Mlle de Chartres débarque.
Elle arrive dans cette cour d'Henri II, remplie d'une centaine de personnalités que Mme de Lafayette nous présente dans les vingt premières pages.
Il faut retenir les noms, les liens, les amants et les maîtresses, le vicomte ceci, la duchesse cela, le titre et les noblesses, les charges. Quel dur travail pour la jeune demoiselle à la longue chevelure blonde qu'est Mlle de Chartres !
Mais que faire, dans cette Cour où l'on critique, où l'on parle astronomie chez la Reine mère, où l'on danse ? Il faut aimer, se faire aimer, prouver sa "reconnaissance" et éviter, tel que l'indiquait la Carte du Tendre de La Clélie, le Lac d'Indifférence. Dès lors, la jeune Chartres va épouser ce cher M. de Clèves, un être assez moyen tout en étant attachant. Mais, ce n'est pas ça la vraie histoire ! Vite, vite, qu'apparaisse le duc de Nemours !

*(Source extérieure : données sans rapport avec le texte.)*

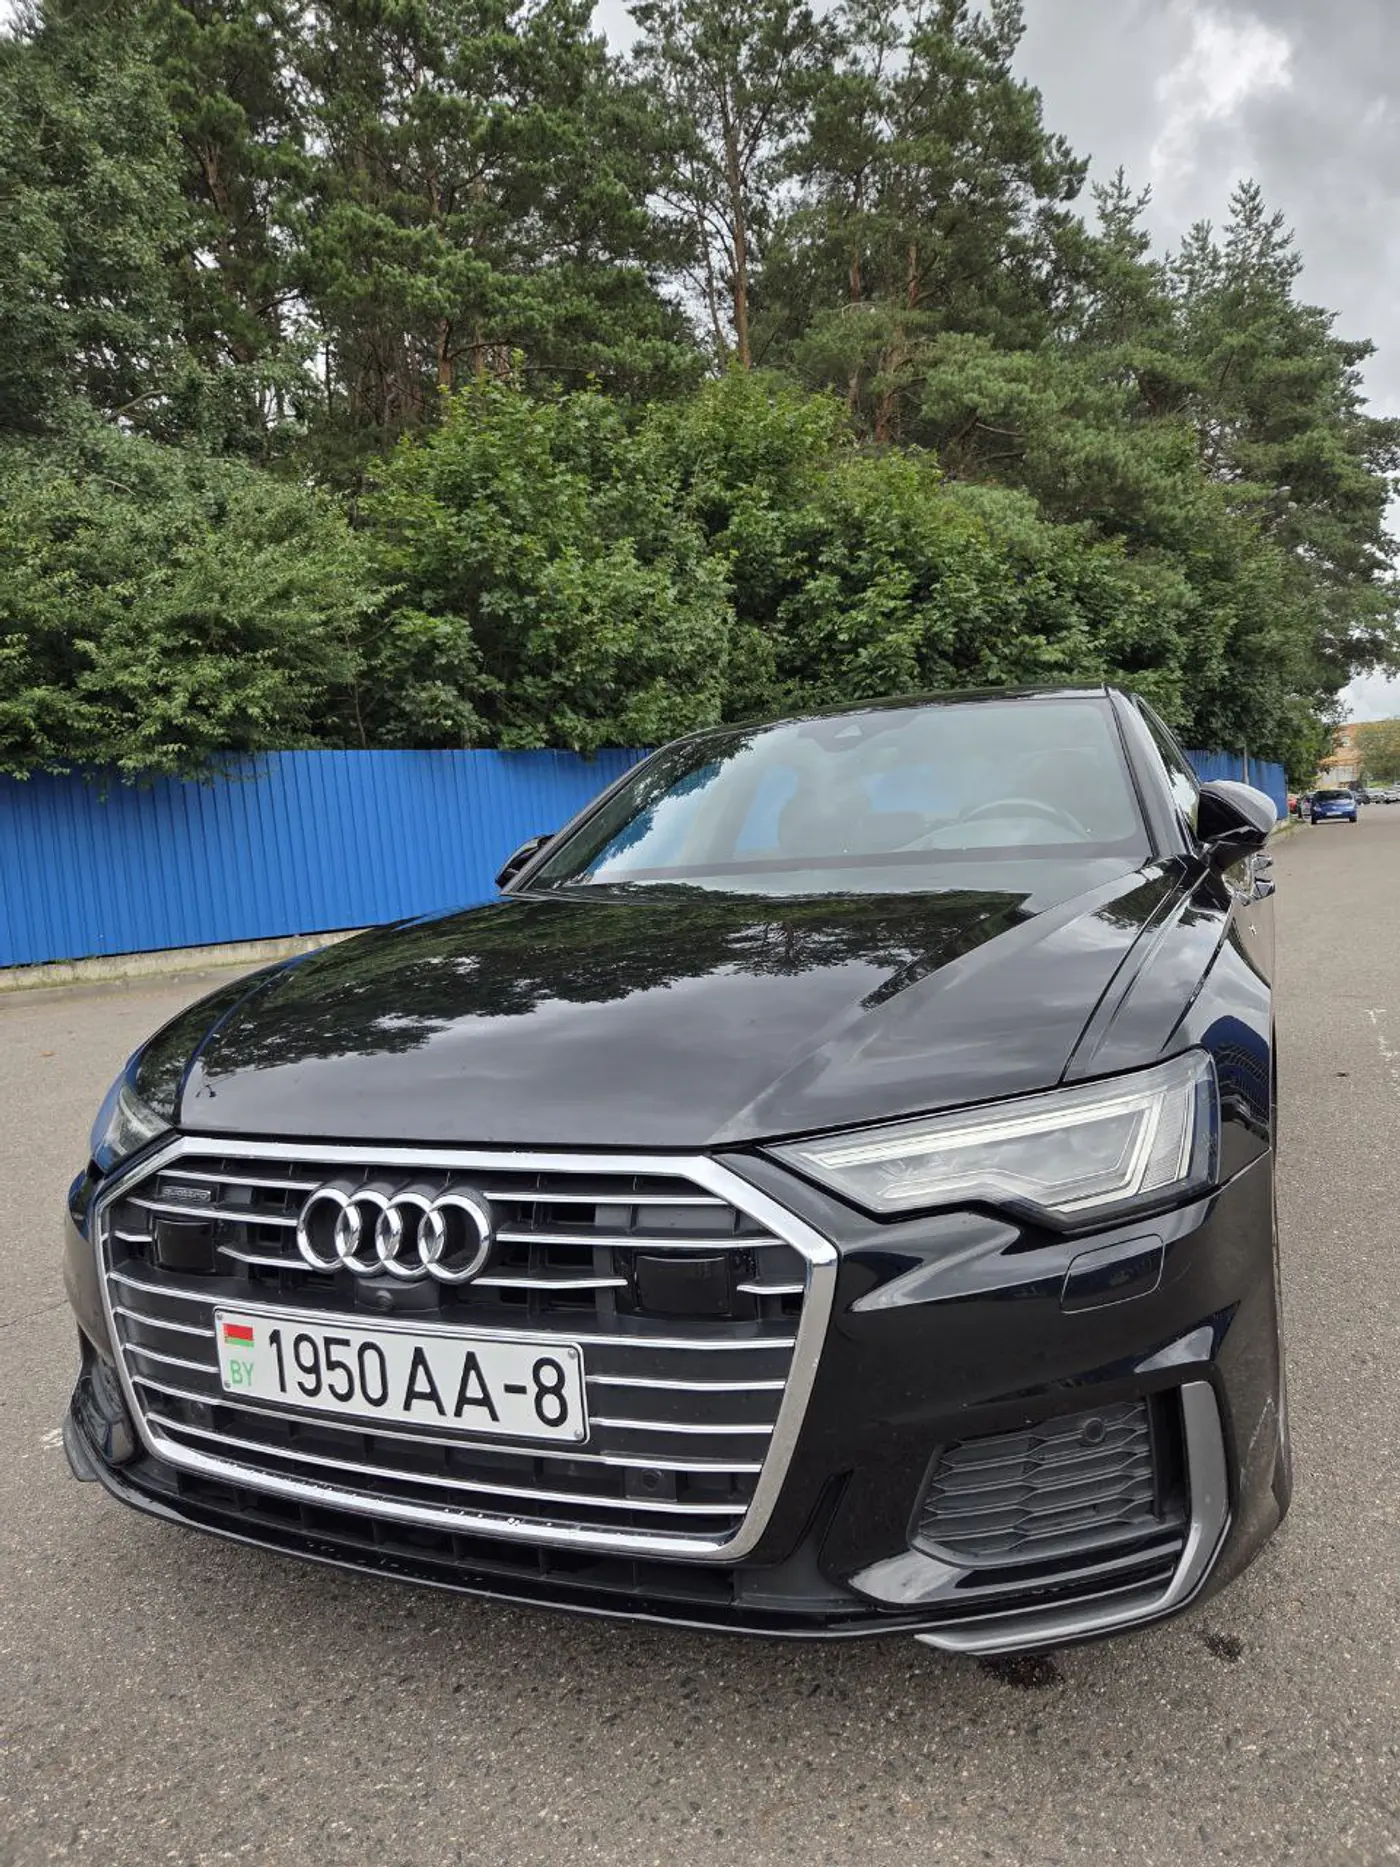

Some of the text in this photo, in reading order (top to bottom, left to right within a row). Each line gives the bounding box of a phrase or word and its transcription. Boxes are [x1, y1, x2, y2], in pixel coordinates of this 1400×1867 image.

[230, 1359, 254, 1386] BY
[268, 1329, 568, 1428] 1950 AA-8

Et oui. L'homme. Le mâle. Ce cher Jacques de Nemours, décrit de façon si hyperbolique par Mme de Lafayette, en a fait tourner, des têtes : qu'il s'agisse de la cour décrite fictivement ou des lectrices de ces 5 siècles qui nous séparent de ce récit. Nemours est beau, grand, charmant, intéressant, mais n'est pas coureur de jupons : loin de l'idée de Mme de Lafayette de montrer un vilain ! Il est l'homme parfait, elle est si belle et si enchanteresse : ils s'aiment, évidemment. Mais (retour quelques lignes plus haut), elle est mariée ! Dès lors commence une série d'aventures amoureuses, de je t'aime moi non plus, de portraits dérobés et de lettres perdues, sur fond de scandales de Cour et d'intrigues de courtisanes.
J'ai lu La Princesse de Montpensier, autre roman de Mme de Lafayette écrit 15 ans plus tôt que La Princesse de Clèves, pour le bac de littérature. J'avais bien aimé, mais j'avais trouvé ce récit, cette ébauche de roman, appelée également nouvelle historique, quelque peu plat et qui mettait du temps à démarrer. J'ai préféré La Princesse de Clèves, roman bien plus connu car considéré comme le premier roman de l'histoire littéraire française : plus détaillé, contenant plus d'intrigues amoureuses, avec des personnages de renom, et une réputation, tout simplement. J'aime son style précieux, des litotes dégoulinantes de bien-pensance, des hyperboles bien trop présentes pour que l'on croie au réalisme et des euphémismes à tire-larigot.
Ce roman est à la fois facile à lire, tout en adoptant un style réellement novateur pour l'époque, et culte dans son genre. Il est précieux et met en exergue, pour la première fois, une vraie psychologie des personnages, qui sera reprise deux siècles plus tard dans des grands romans aux grands personnages. La psychologie de Mme de Clèves est typique de celle des femmes de l'époque, et est à rapprocher, dans le cadre du baccalauréat, de celle de la Princesse de Montpensier : elle est déchirée entre vertu et sentiments, entre la passion qu'elle éprouve pour Nemours et le carcan social de son mariage - forcé - avec M. de Clèves, tourmentée par la guerre sous son toit, par cette dualité entre morale et passion dans son propre coeur.
J'ai vibré lors de l'échange final entre Nemours et la Princesse, j'ai enquêté lors de la recherche de l'appartenance de la lettre, j'ai été intriguée par les portraits de Mme de Tournon et d'autres illustres de la Cour : pendant trois heures, je me suis sentie intégrée à cette Cour hypocrite et superficielle, à cette Cour qui profite de la mort d'un Roi pour s'octroyer de nouvelles charges, cette Cour où tous s'aiment et se détestent au rythme d'un changement de tenues, où tout va plus vite qu'un combat de joutes, où tous les coeurs battent à l'unisson en regardant deux beautés comme Nemours et la Princesse, comme mon coeur a frissonné en comprenant qu'elle allait se retirer, que son amour avec Nemours ne serait qu'un rêve non réalisé, qu'un concept vaporeux bon pour la Carte du Tendre.